The Harvard program was the third leg of the “Set the Record Straight” speaking tour by Raymond Lotta that has already gone to the University of California, Berkeley and UCLA. The Set the Record Straight project is taking on the lies and distortions leveled against communism and the whole experience of socialist revolution in the 20th century. It is presenting facts and analysis about the great and unprecedented accomplishments of the socialist revolutions of the Soviet Union (1917-1956) and China (1949-76). And it is popularizing Bob Avakian’s exciting vision of communism.

We are constantly told that “this is the best of all possible worlds…the only possible world…and you might as well accept it.” There is a constant ideological drumbeat that communist revolution only leads to nightmare. A whole generation of young people has only heard this summation of history and human possibility. Many contemporary radical and progressive scholars who were part of or were influenced by the ferment and upheavals of the 1960s have also have been affected by this attack on communism. There is a belief that socialist revolution is deeply flawed.

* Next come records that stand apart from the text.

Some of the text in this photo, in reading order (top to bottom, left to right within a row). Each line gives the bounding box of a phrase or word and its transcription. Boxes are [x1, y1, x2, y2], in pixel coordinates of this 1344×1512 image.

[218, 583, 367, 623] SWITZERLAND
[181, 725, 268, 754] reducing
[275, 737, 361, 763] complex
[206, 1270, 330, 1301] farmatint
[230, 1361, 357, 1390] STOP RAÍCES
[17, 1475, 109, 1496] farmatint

Raymond Lotta’s speaking tour is designed to stimulate an honest and urgently needed conversation about the real experience of socialism--the overwhelmingly positive achievements, as well as shortcomings and errors--in order to point the way to a far better future for humanity.

There was considerable “buzz” at Harvard about the program. There was broad distribution of thousands of leaflets, postcard announcements, and a “pop quiz” that challenged people’s knowledge about social achievements in China during the Mao years, especially the Cultural Revolution. Hundreds of small posters went up in buildings and kiosks around campus. Ads were placed in the campus newspaper, the Harvard Crimson. A few days before the program, Lotta had a lively interview about socialism and its relevance to today’s world on the MIT campus radio station.

People on campus built for the program in various ways--getting the word out on listservs, talking it up among friends, and getting postcard pluggers out in different departments. A teaching assistant in Chinese history planned to make an announcement about the program in class, but was prevented from doing so by the professor (who happens to be a prominent China scholar).

Raymond Lotta’s speech explains what communism is really about. It examines the rich and complex experience of building liberating societies in a world dominated by imperialism. Lotta picks apart many standard misconceptions and distortions about revolutionary policies, like sending intellectuals and students to the rural areas during the Cultural Revolution. Lotta discusses what he calls “the learning curve” of proletarian revolution: how Mao learned from and advanced beyond the Soviet experience, and how Bob Avakian is summing up this whole “first wave” of proletarian revolution and bringing forward a radical new model of socialist society.

This was a challenging talk for many in the audience. People raised important questions: about the Great Leap Forward and whether Mao should have done it differently; about why the revolution was defeated in China after Mao died. A professor from a nearby university took issue with Lotta’s assessment of Stalin. Someone wanted to know more about political rights and political debate under socialism, and how different Marxist trends would be treated.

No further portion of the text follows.